In his first season at the helm of the University of Colorado football team, Karl Dorrell has led the Buffs back to the Valero Alamo Bowl where the Buffs will play in their first postseason bowl game in four years on Dec. 29. The last time CU competed for a bowl game title was in 2016 when they were the Pac-12 runner-ups following a conference championship loss to Washington. The Buffs’ subsequent destination was San Antonio, Texas in the 2016 Alamo Bowl, where they suffered a 38-8 loss to Oklahoma State.
Colorado’s opponent at the Alamodome this year will be the University of Texas Longhorns; a former Big 12 rival prior to the Buffs’ departure for the Pac-12 in 2011. The Longhorns enter the matchup 6-3 overall thanks to the Big 12 starting its season several weeks prior to the Pac-12.
The Buffs’ return to the Alamo Bowl is historical for the Colorado football program. Dorrell, who was hired in February following the unexpected departure of former head coach Mel Tucker, becomes the first coach in CU football history to lead a team to the postseason in his first year.
The opportunity to play in the Alamo Bowl this year arose for the Buffs when the Pac-12 runner-up USC Trojans collectively opted out of playing a bowl game. CU was forced to watch the Pac-12 championship game from Boulder last week without a game to play when the Oregon Ducks filled in for a COVID-hampered Washington Huskies. It was a strange end to the regular season for Colorado, who ended the regular season with a better national ranking and conference record than the Ducks.
In a press conference following the official announcement of the Alamo Bowl on Sunday, Dorrell was quick to praise his team for their perseverance under such unprecedented circumstances.
“This team has been very resilient with dealing with a new coach that they didn’t know,” Dorrell said. “We had to endure over the course of the offseason of just preparing to play in any way, shape or form.”
Dorrell noted that for the CU players, the Alamo Bowl would also provide a unique opportunity to play in front of a crowd this season. Following the Buffs’ first game against UCLA, where just over 500 people attended, fans were forbidden for the rest of the season.
“I don’t want to understate the importance of playing in a bowl game and having your family members be able to watch,” Dorrell said. “This is going to be a reward for our players and for their families to have a chance to be involved.”

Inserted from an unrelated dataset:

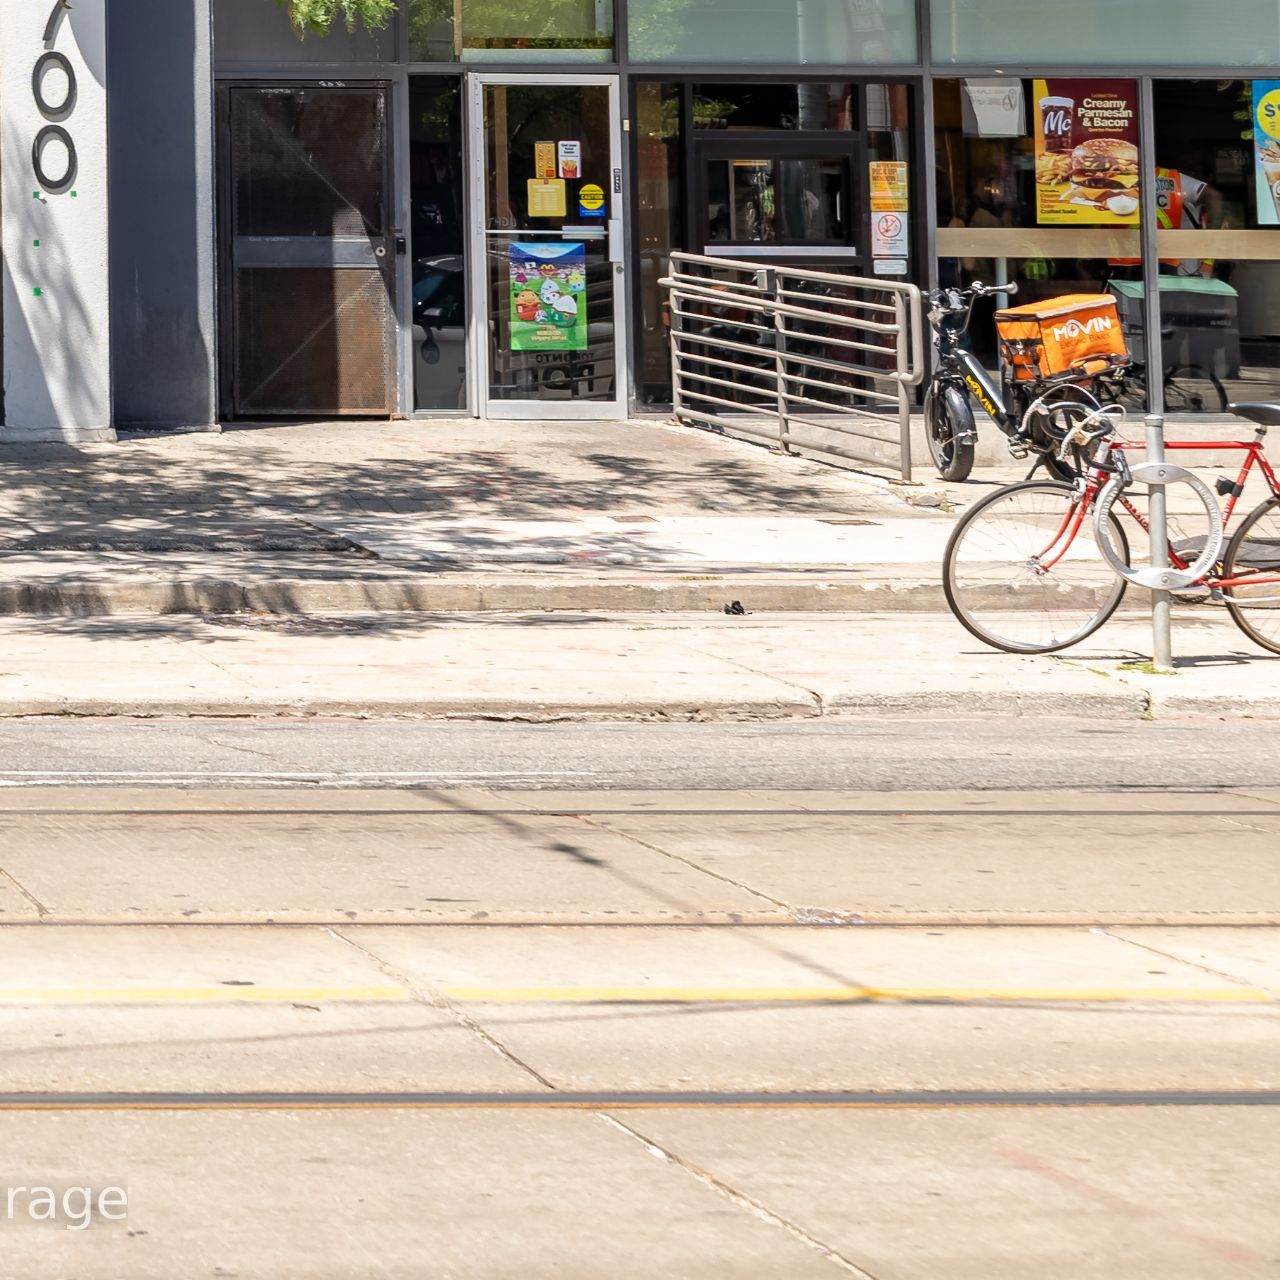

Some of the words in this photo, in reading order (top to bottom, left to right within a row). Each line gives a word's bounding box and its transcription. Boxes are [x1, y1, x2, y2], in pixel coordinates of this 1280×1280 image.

The Buffs’ head coach also said that CU carries 22 players from Texas including senior wide receiver K.D. Nixon, freshman wide receiver La’Vontae Shenault, freshman cornerback Christian Gonzalez and standout sophomore running back Jarek Broussard.
In regards to whether CU considered forgoing playing in the postseason, like USC did, Dorrell insisted that the Buffs were excited for the opportunity, especially in the wake of how the Pac-12 championship played out.
“As soon as we were supposed to be a runner-up for our conference championship, our players felt like they were ready to play another game,” Dorrell said. “We just wanted to finish the season with the fruits of our labor being rewarded”.
The Valero Alamo Bowl is set to be played on Tuesday, Dec. 29 at 7 p.m. MST in San Antonio, TX.